“It was the most awfully tremendous thing with green and blue scales, a thousand times as big as the ship—oh mamma! What was that?”
Nellie started up from her stool and knelt beside her mother, looking towards the window. Mrs. Goddard was deathly pale and grasped the arm of her chair.
“Somebody knocked at the window, mamma,” said Nellie breathlessly. “And then somebody said ’Mary’—quite loud. Oh mamma, what can it be?”
“Mary?” repeated Mrs. Goddard as though she were in a dream.
“Yes—quite loud. Oh mamma! it must be Mary’s young man—he does sometimes come in the evening.”
“Mary’s young man, child?” Mrs. Goddard’s heart leaped. Her cook’s name was Mary, as well as her own. Nellie naturally never associated the name with her mother, as she never heard anybody call her by it.
“Yes mamma. Don’t you know? The postman—the man with the piebald horse.” The explanation was necessary, as Mrs. Goddard rarely received any letters and probably did not know the postman by sight.
“At this time of night!” exclaimed Mrs. Goddard. “It is too bad. Mary is gone to bed.”
“Perhaps he thinks you are gone to the vicarage and that Mary is sitting up for you in the drawing-room,” suggested Nellie with much good sense. “Well, he can’t come in, can he, mamma?”
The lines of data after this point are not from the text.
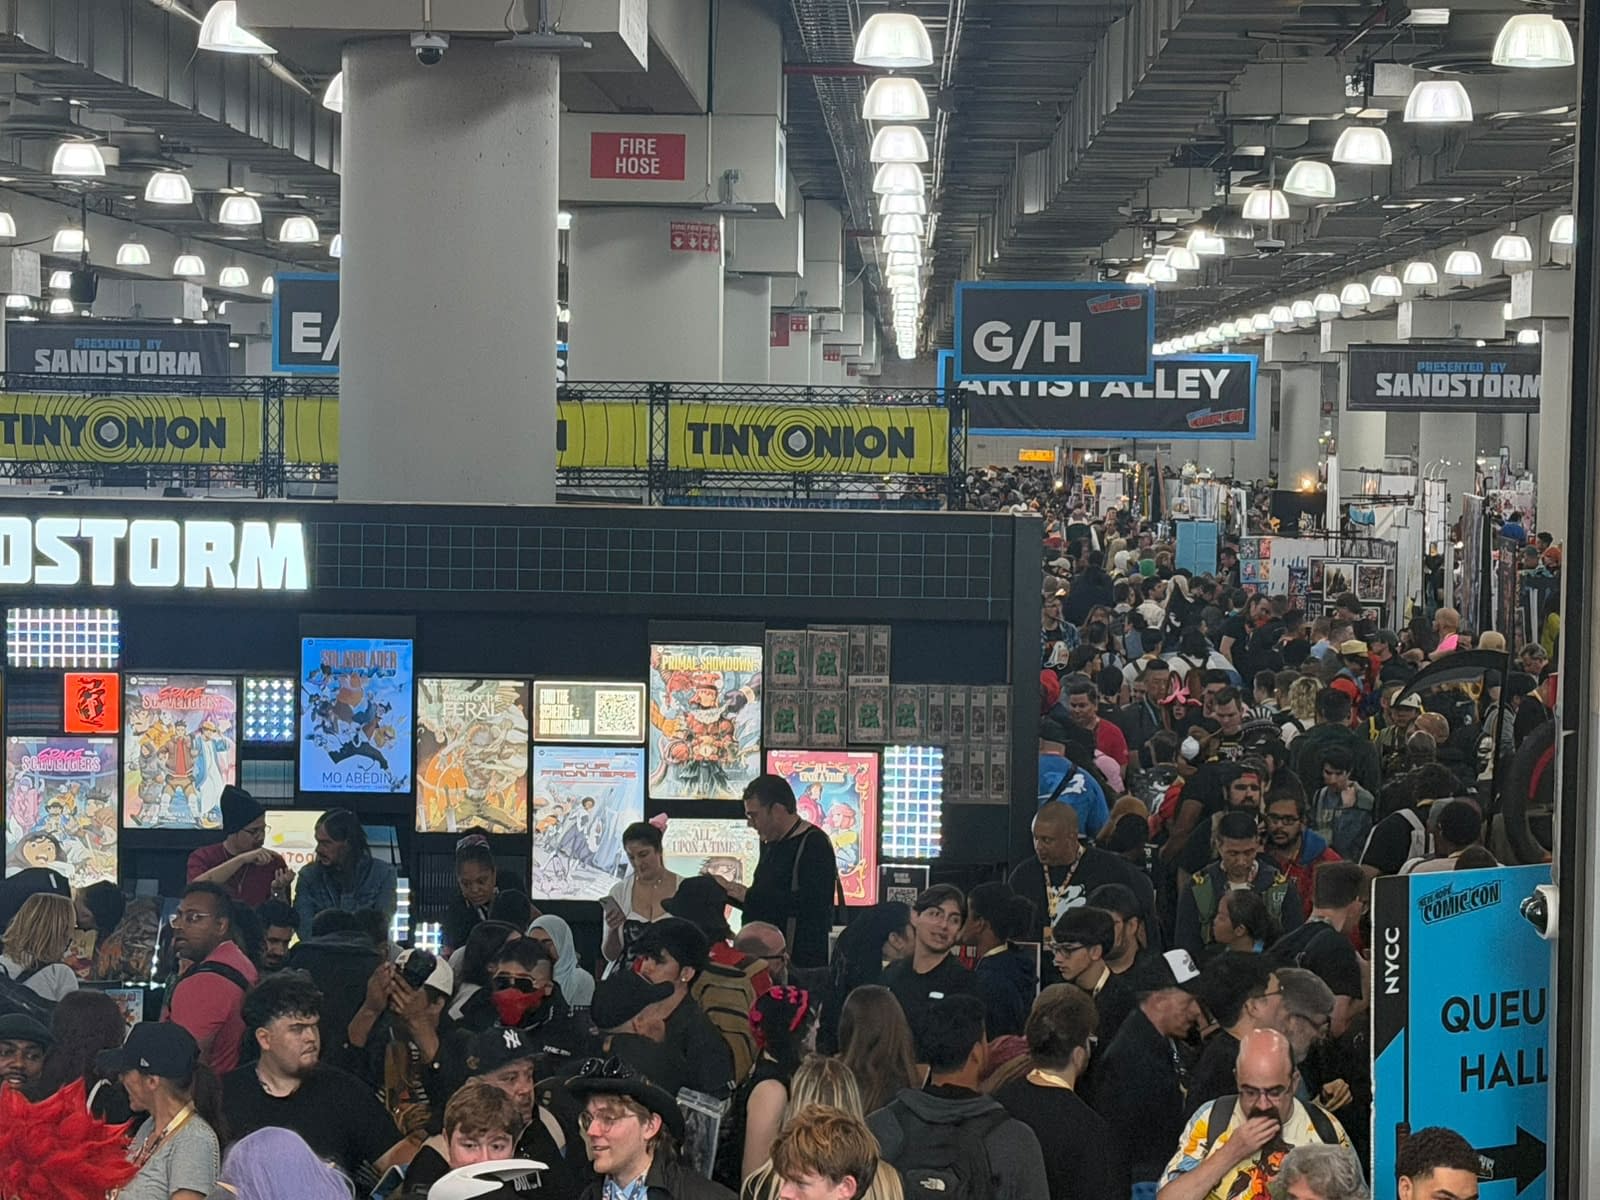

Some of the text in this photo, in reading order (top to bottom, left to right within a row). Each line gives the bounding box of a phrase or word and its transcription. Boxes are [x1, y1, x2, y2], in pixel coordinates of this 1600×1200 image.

[619, 137, 656, 156] FIRE
[615, 157, 660, 175] HOSE
[75, 338, 162, 350] PRESENTED BY
[972, 319, 1082, 370] G/H
[35, 349, 202, 375] SANDSTORM
[1417, 362, 1507, 373] PRESENTED BY
[1100, 368, 1231, 399] ALLEY
[1376, 373, 1540, 397] SANDSTORM
[662, 655, 754, 672] PRIMAL SHOWDOWN
[442, 701, 501, 719] FERAL
[540, 769, 637, 779] FRONTIERS
[563, 762, 610, 770] FOUR
[322, 771, 392, 785] MO ABEDIN
[692, 828, 712, 841] ALL
[1423, 882, 1500, 922] COMIC CON
[1384, 926, 1401, 995] NYCC
[1441, 987, 1547, 1034] QUEU
[1460, 1047, 1548, 1092] HALL
“Certainly not,” said her mother. “But I think you had much better go to bed, my dear. It is half-past nine.” She spoke indistinctly, almost thickly, and seemed to be making a violent effort to control herself. But Nellie had settled down upon her stool again, and did not notice her mother.
“Oh not yet,” said she. “I have not nearly finished about the sea-serpent. Mr. Juxon said it was not like anything in the world. Do listen, mamma! It is the most wonderful story you ever heard. It was all covered with blue and green scales, and it rolled, and rolled, and rolled, and rolled, till at last it rolled up against the side of the ship with such a tremendous bump that Mr. Juxon fell right down on his back.”
“Yes dear,” said Mrs. Goddard mechanically, as the child paused.
“You don’t seem to mind at all!” cried Nellie, who felt that her efforts to amuse her mother were not properly appreciated. “He fell right down on his back and hurt himself awfully.”
“That was very sad,” said Mrs. Goddard. “Did he catch the sea-serpent afterwards ?”
“Catch the sea-serpent! Why mamma, don’t you know that nobody has ever caught the sea-serpent? Why, hardly anybody has ever seen him, even!”
“Yes dear, but I thought Mr. Juxon—”
“Of course, Mr. Juxon is the most wonderful man—but he could not catch the sea-serpent. Just fancy! When he got up from his fall, he looked and he saw him quite half a mile away. He must have gone awfully fast, should not you think so? Because, you know, it was only a minute.”
“Yes, my child; and it is a beautiful story, and you told it so nicely. It is very interesting and you must tell me another to-morrow. But now, dear, you must really go to bed, because I am going to bed, too. That man startled me so,” she said, passing her small white hand over her pale forehead and then staring into the fire.